Posts Tagged ‘CBS’

The Results

I noticed some unexpected traffic on the site earlier, and tracked it to the CBS website. It seems that the results of the Most Valuable Blogger Awards have been posted. Well gosh golly gee, look at that:

I can’t get that Karate Kid song out of my head.

While I don’t want a Dewey Defeats Truman scene on my hands, I think it’s safe to call it.
CBS Boston’s Most Valuable Blogger 2011 in the Category of Dining and Entertainment:


However, this was for the Editor’s Choice, which means I didn’t win the popular vote.

Which means you people didn’t vote enough.

So thanks for nothing.

I’m kidding.

Seriously, thanks to everyone who voted and checked out my drunken ramblings. Lots more to come, especially now that my ego is out of control and I’ll be referring to myself as award-winning blogger SquirrelFarts McAwesome. I can hear Lady Friend groaning from here.

I was going to celebrate with some champagne tonight, but happen to be in a bit of a sparkling wine deficit, thanks to Friday night’s adventures. So, a lovely beer will have to do. I’ve been saving this one for several weeks: Anderson Valley’s 20th Anniversary Imperial India Pale Ale.

Cheers, Boston.

Last Day of Voting!

Yes chumps and chumpettes, it’s the last day to vote for me for CBS-Boston’s Most Valuable Blogger award. If I win, I might get to go on tv and then you’ll get to see me!

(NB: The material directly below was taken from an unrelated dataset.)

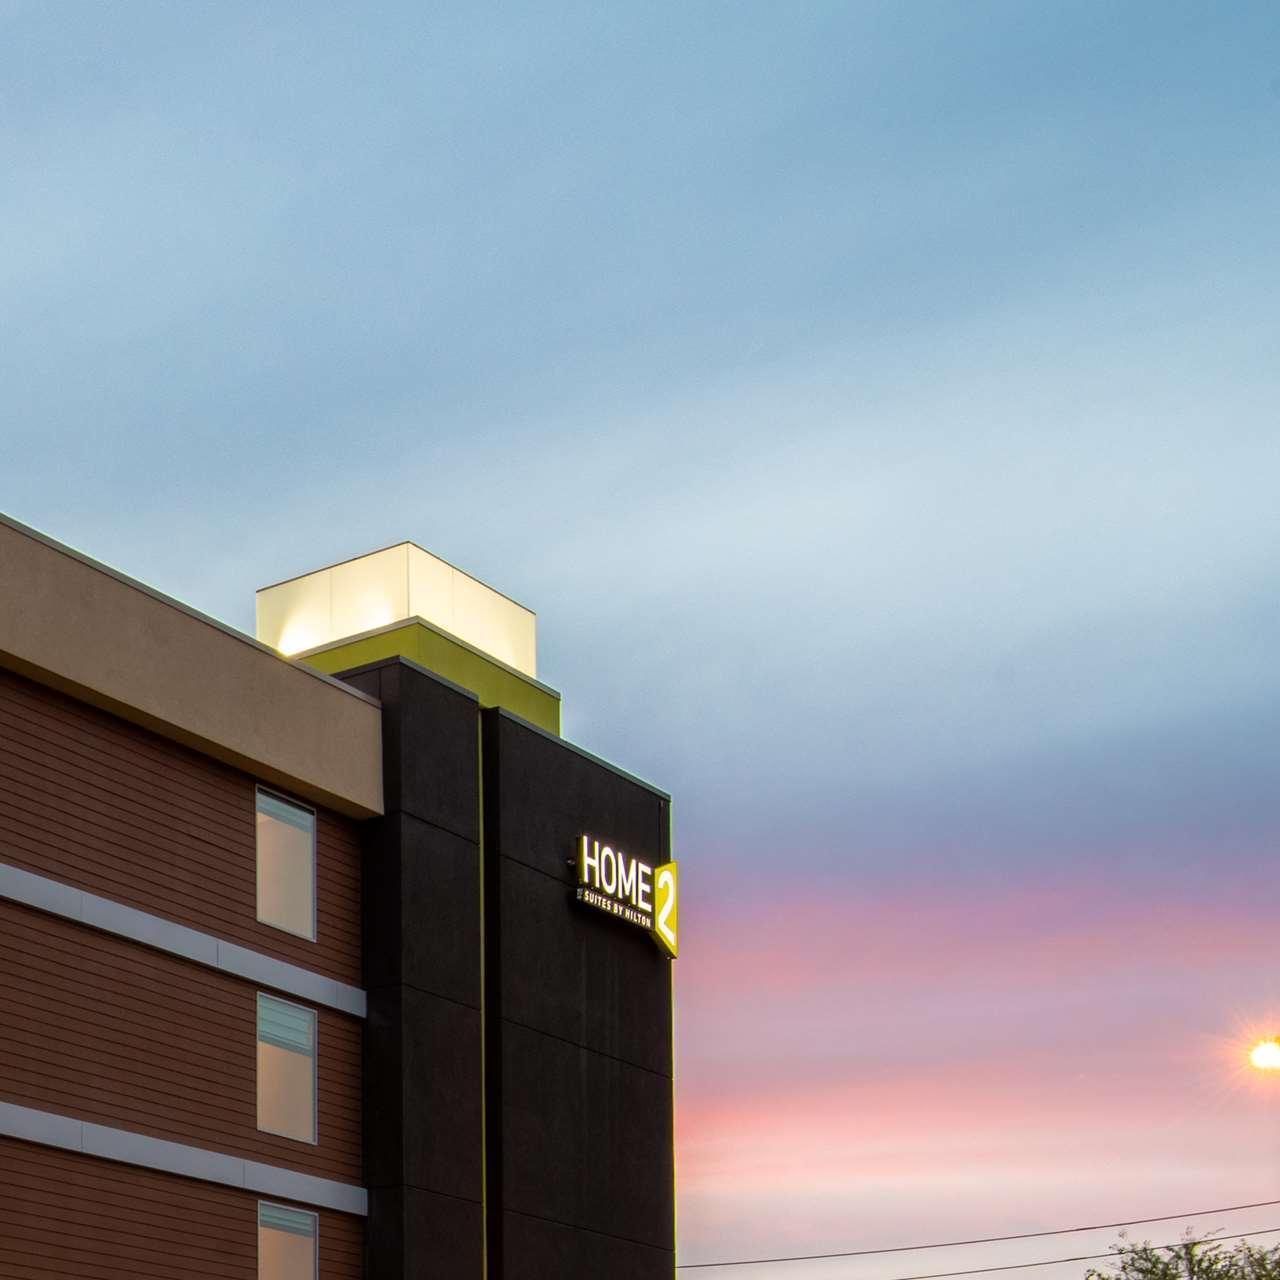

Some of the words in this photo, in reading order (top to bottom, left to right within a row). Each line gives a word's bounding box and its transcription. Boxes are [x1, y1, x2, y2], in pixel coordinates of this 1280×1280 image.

[584, 889, 611, 911] SUITES
[612, 902, 624, 916] BY
[624, 907, 651, 928] HILTON

…hey! Wait! Come back! Ok ok ok you don’t have to watch. But vote anyway. Do it for drinking. Do it because Squirrel Farts is a funny name. Do it… for AMERICA. If you don’t vote, the terrorists win. AND THEY DON’T DRINK. So they’re totally evil.

Rule 37: The Hurricane

Well, Hurricane Tropical Storm Windy Day Irene has passed, leaving Squirrel Farts HQ unscathed, aside from a mild flickering of electricity, and an intermittent loss of cable and internet services. Thankfully, a supply of craft beers, cocktail-destined citrus fruits and chips kept the Lady Friend and I well prepared for a weekend of couch time. Saturday wound up being just plain rainy, and we were able to venture out for sustenance at the Union Brewhouse, where we are both working our way through their 99 beer list. (If you get through all 99 you get a plaque!) Sunday was a tad breezy, though nowhere near the doomsday scenario everyone was soiling themselves over for the several days prior to Irene’s landfall, and we worked through my surplus DVR stash of It’s Always Sunny in Philadelphia, though some midnight snacker had devastated my precious chip supply.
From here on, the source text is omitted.